Data listing ->
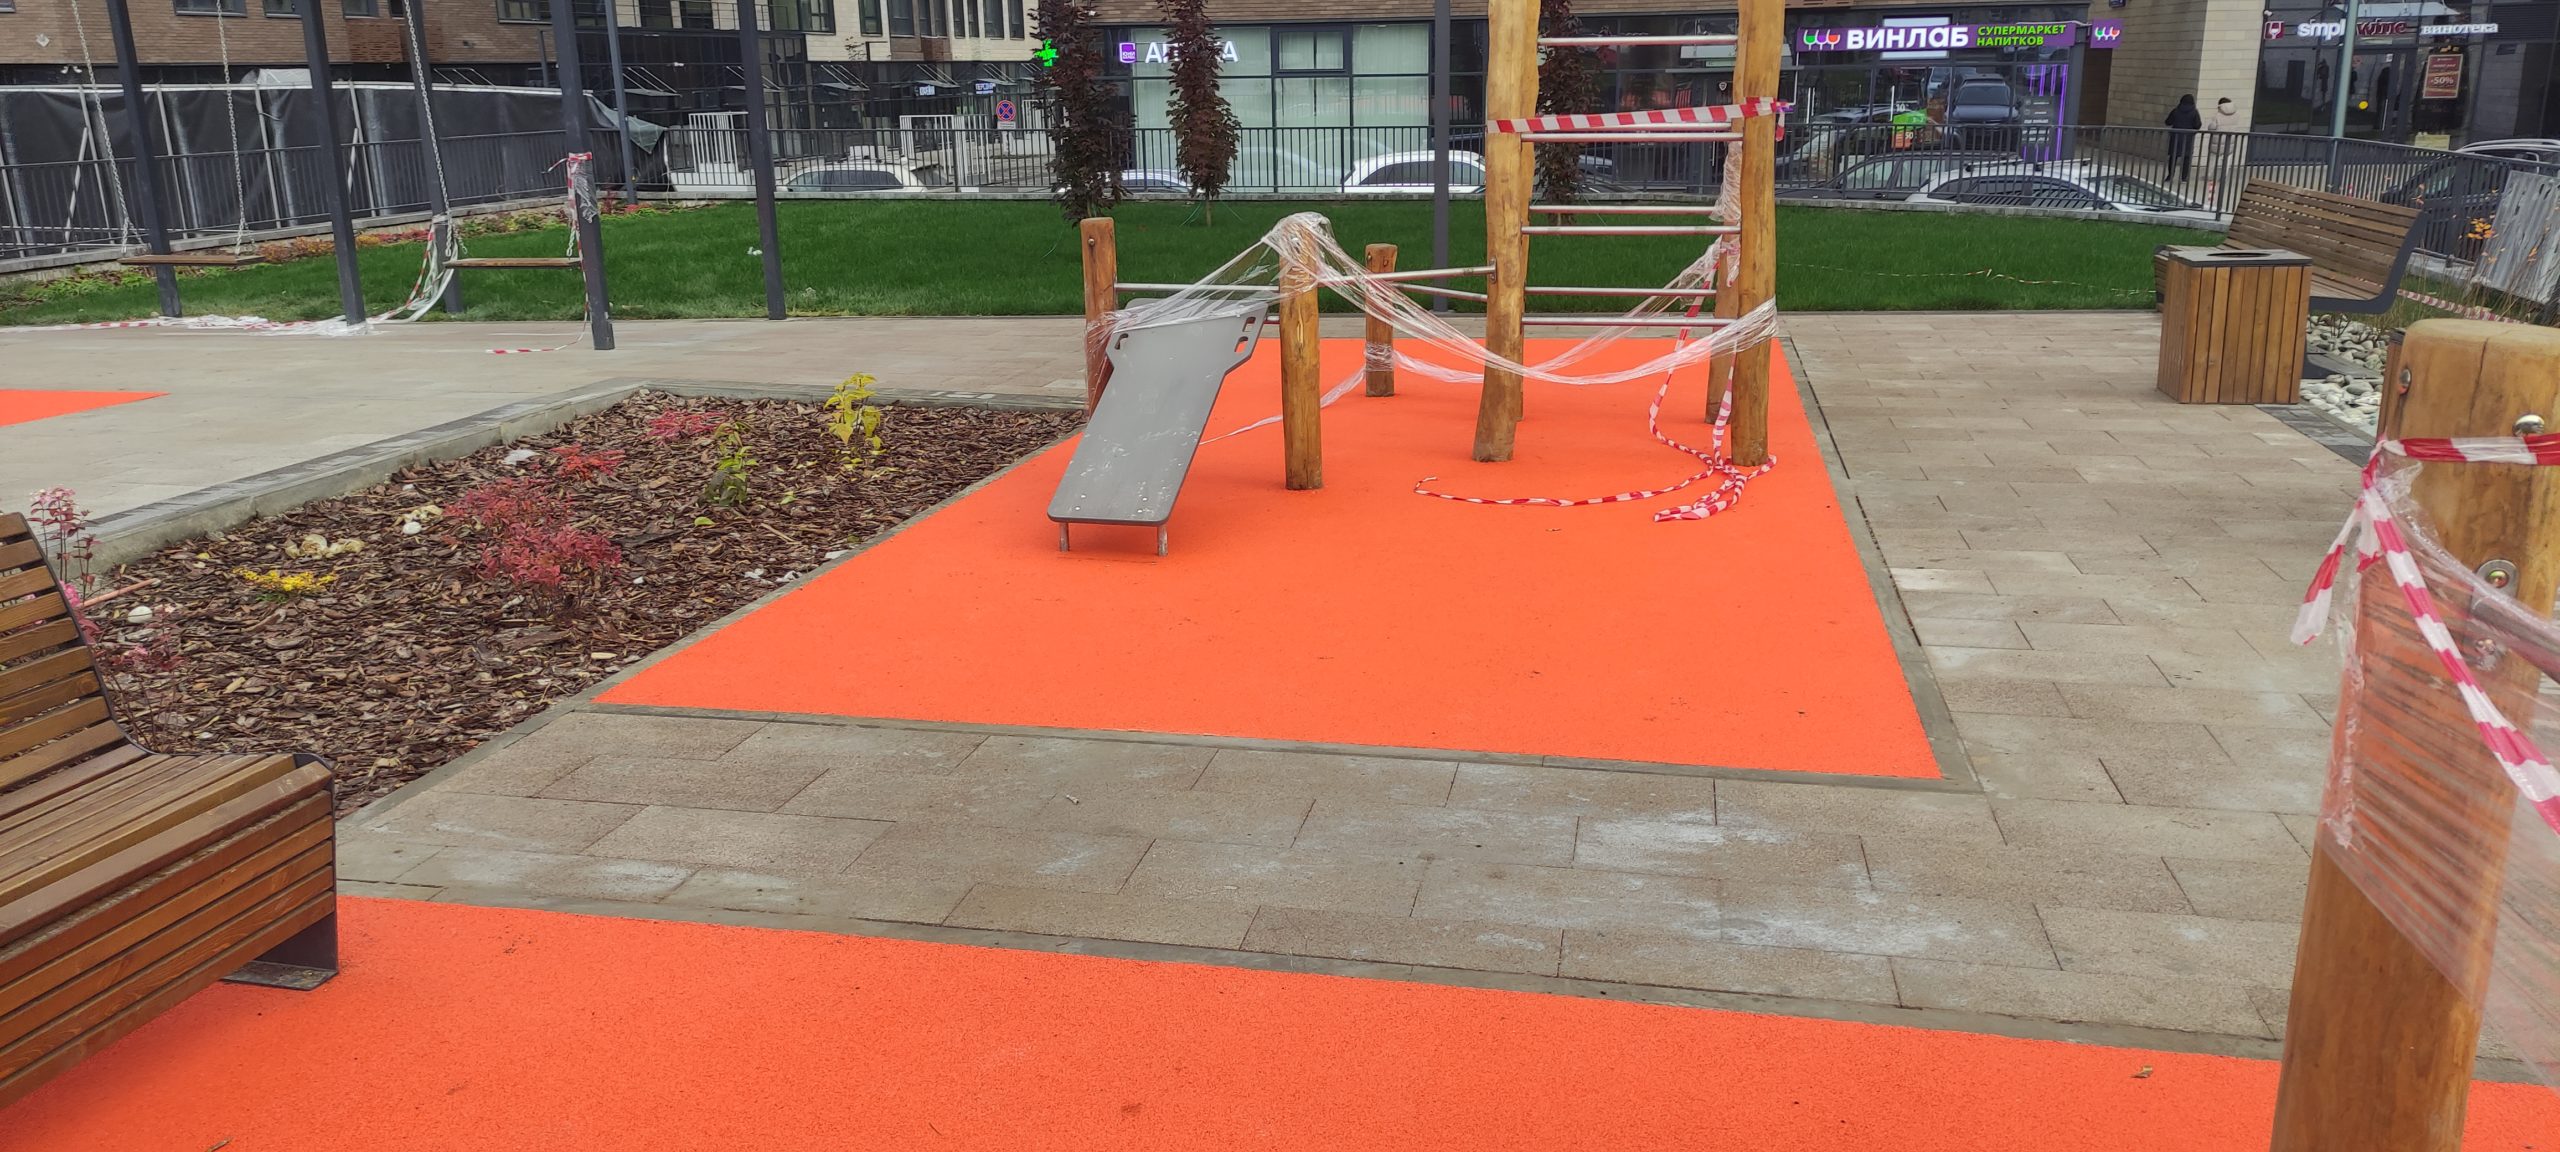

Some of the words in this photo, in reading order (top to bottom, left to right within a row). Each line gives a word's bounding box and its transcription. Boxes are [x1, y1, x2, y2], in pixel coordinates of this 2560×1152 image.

[1977, 25, 2066, 35] СУПЕРМАРКЕТ
[2420, 23, 2498, 35] винотека
[1976, 36, 2044, 46] НАПИТКОВ
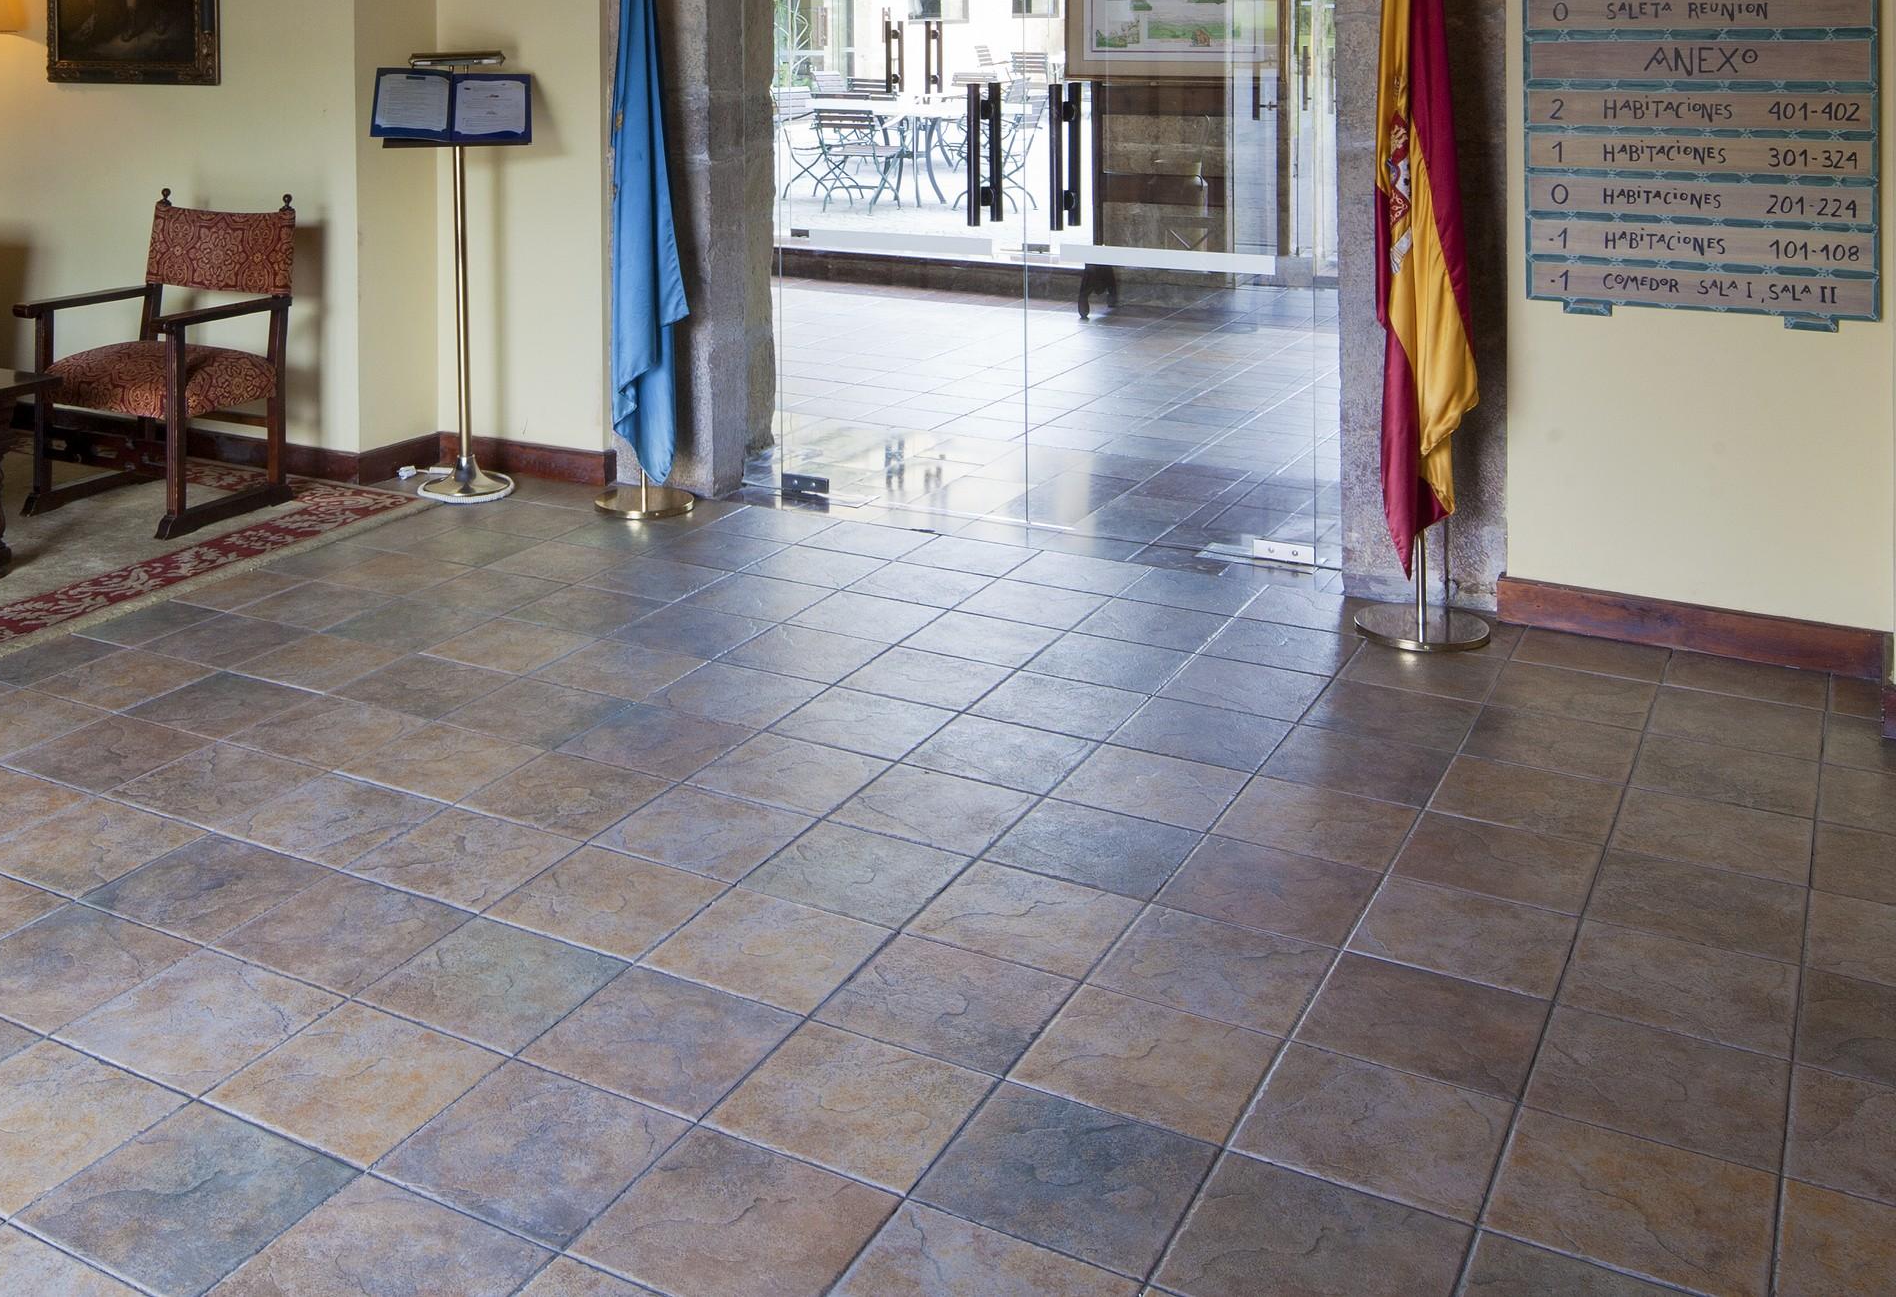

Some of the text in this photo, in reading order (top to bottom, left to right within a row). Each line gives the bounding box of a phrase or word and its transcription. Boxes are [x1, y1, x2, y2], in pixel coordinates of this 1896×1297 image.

[1607, 2, 1672, 19] SALETA
[1644, 47, 1758, 76] ANEXO
[1550, 95, 1860, 123] 2 HABITACIONES 401-402
[1552, 140, 1857, 169] 1 HABITACIONES 301-324
[1603, 186, 1721, 210] HABITACIONES
[1766, 195, 1856, 218] 201-224
[1549, 228, 1859, 261] -1 HABITACIONES 101-108
[1551, 270, 1569, 291] -1
[1603, 273, 1679, 293] COMEDOR
[1697, 280, 1738, 297] SALA
[1820, 286, 1837, 304] II
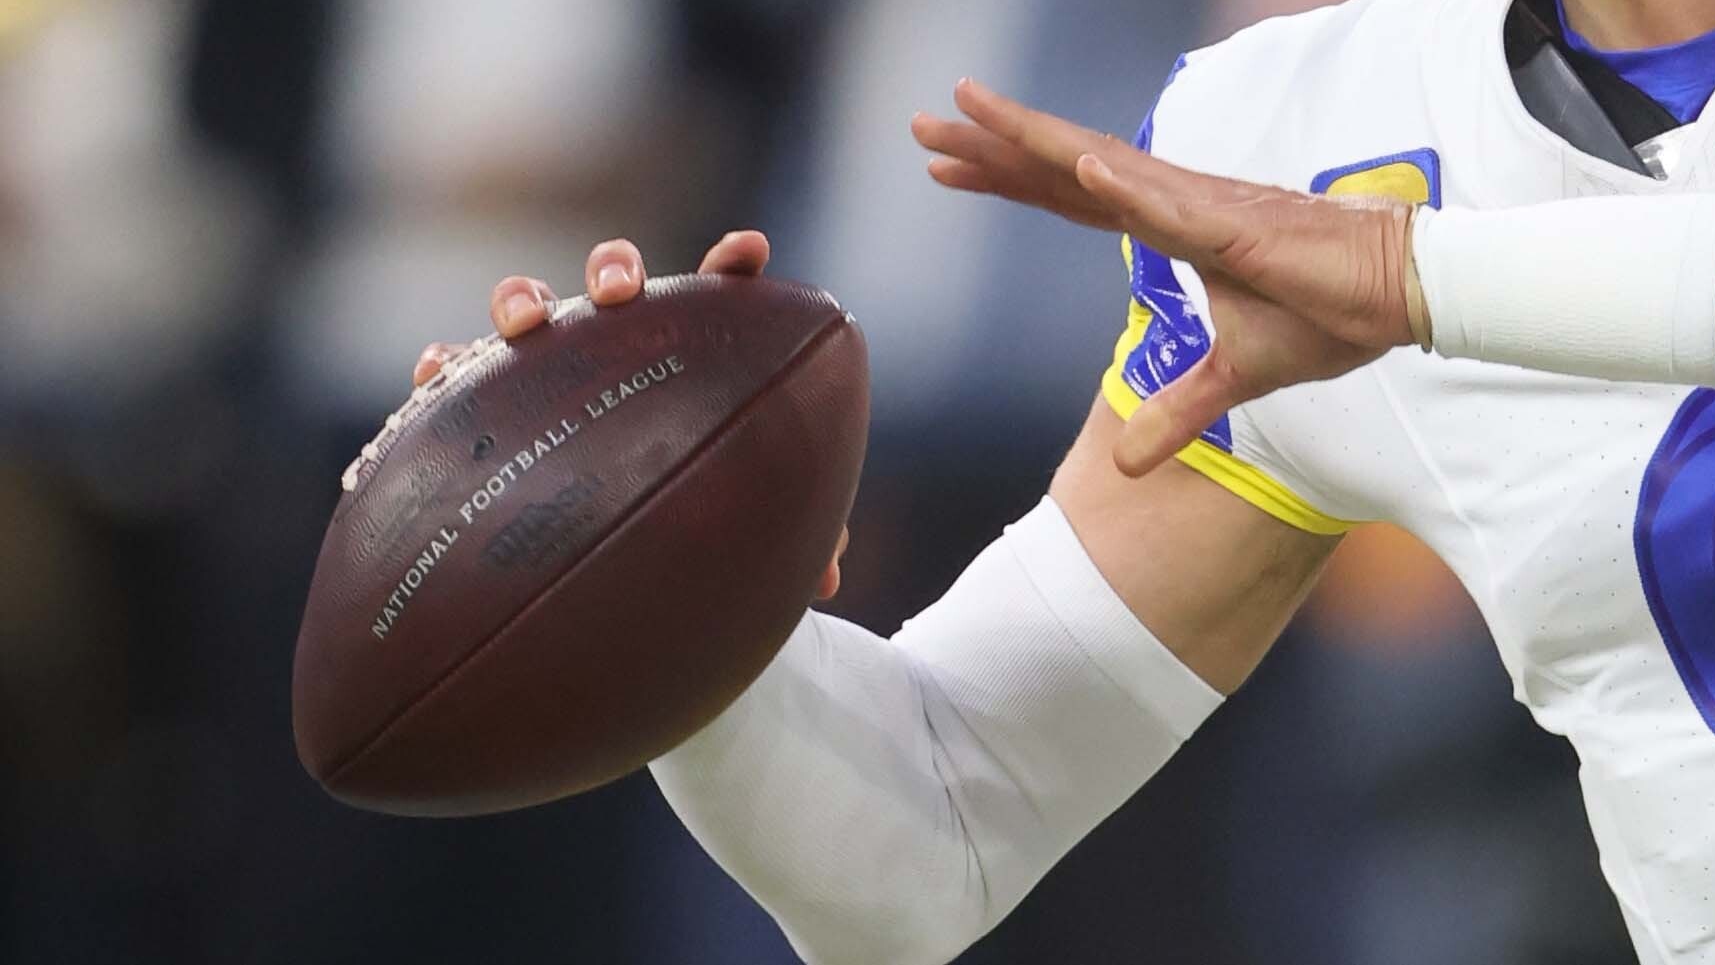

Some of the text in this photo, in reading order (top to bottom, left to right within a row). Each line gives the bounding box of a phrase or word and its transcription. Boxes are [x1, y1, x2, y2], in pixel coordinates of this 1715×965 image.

Task to carry out -> Go through the entries and retype each one exactly, skipping any image.

Your solution ->
Some of the words in this photo, in reading order (top to bottom, left to right within a row). Each line gives a word's bounding box and its transcription. Boxes are [x1, y1, x2, y2], in pixel coordinates of this 2560×1152 image.

[1977, 25, 2066, 35] СУПЕРМАРКЕТ
[2420, 23, 2498, 35] винотека
[1976, 36, 2044, 46] НАПИТКОВ

Some of the text in this photo, in reading order (top to bottom, left to right within a row). Each line gives the bounding box of a phrase or word and its transcription. Boxes are [x1, y1, x2, y2], in pixel coordinates of this 1896×1297 image.

[1607, 2, 1672, 19] SALETA
[1644, 47, 1758, 76] ANEXO
[1550, 95, 1860, 123] 2 HABITACIONES 401-402
[1552, 140, 1857, 169] 1 HABITACIONES 301-324
[1603, 186, 1721, 210] HABITACIONES
[1766, 195, 1856, 218] 201-224
[1549, 228, 1859, 261] -1 HABITACIONES 101-108
[1551, 270, 1569, 291] -1
[1603, 273, 1679, 293] COMEDOR
[1697, 280, 1738, 297] SALA
[1820, 286, 1837, 304] II

Some of the text in this photo, in reading order (top to bottom, left to right within a row). Each line gives the bounding box of a phrase or word and its transcription. Boxes are [x1, y1, x2, y2], in pixel coordinates of this 1715×965 image.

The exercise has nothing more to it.